* The task: All pictures must be dropped, while the entries are given again word for word.

**** The input

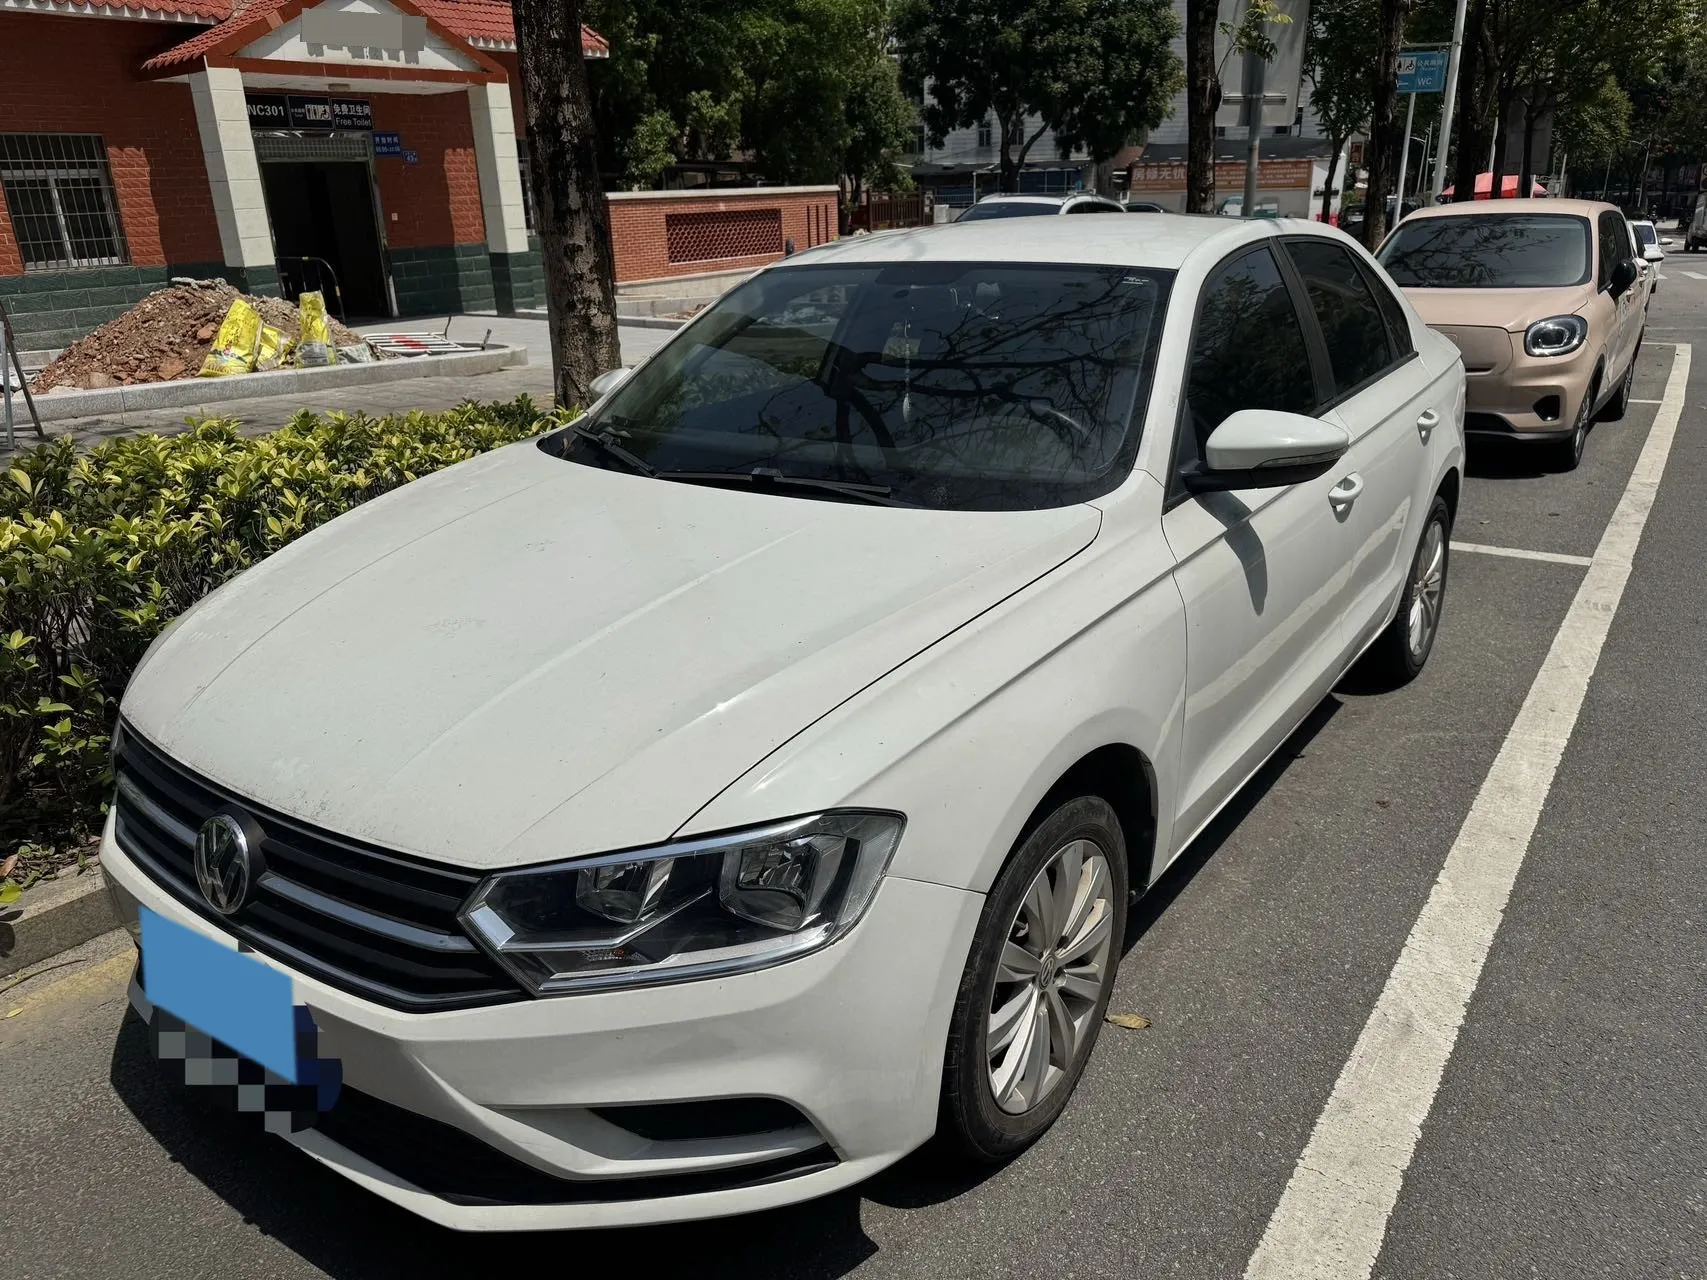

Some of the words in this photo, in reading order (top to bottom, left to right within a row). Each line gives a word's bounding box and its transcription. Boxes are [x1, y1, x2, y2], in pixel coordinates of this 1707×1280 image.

[1417, 78, 1432, 87] WC
[247, 104, 285, 117] NC301
[333, 103, 371, 116] 免费卫生间
[336, 118, 351, 126] Free
[353, 118, 371, 127] Toilet

********

* Answer box:
Some of the words in this photo, in reading order (top to bottom, left to right within a row). Each line gives a word's bounding box and its transcription. Boxes are [x1, y1, x2, y2], in pixel coordinates of this 1707×1280 image.

[1417, 78, 1432, 87] WC
[247, 104, 285, 117] NC301
[333, 103, 371, 116] 免费卫生间
[336, 118, 351, 126] Free
[353, 118, 371, 127] Toilet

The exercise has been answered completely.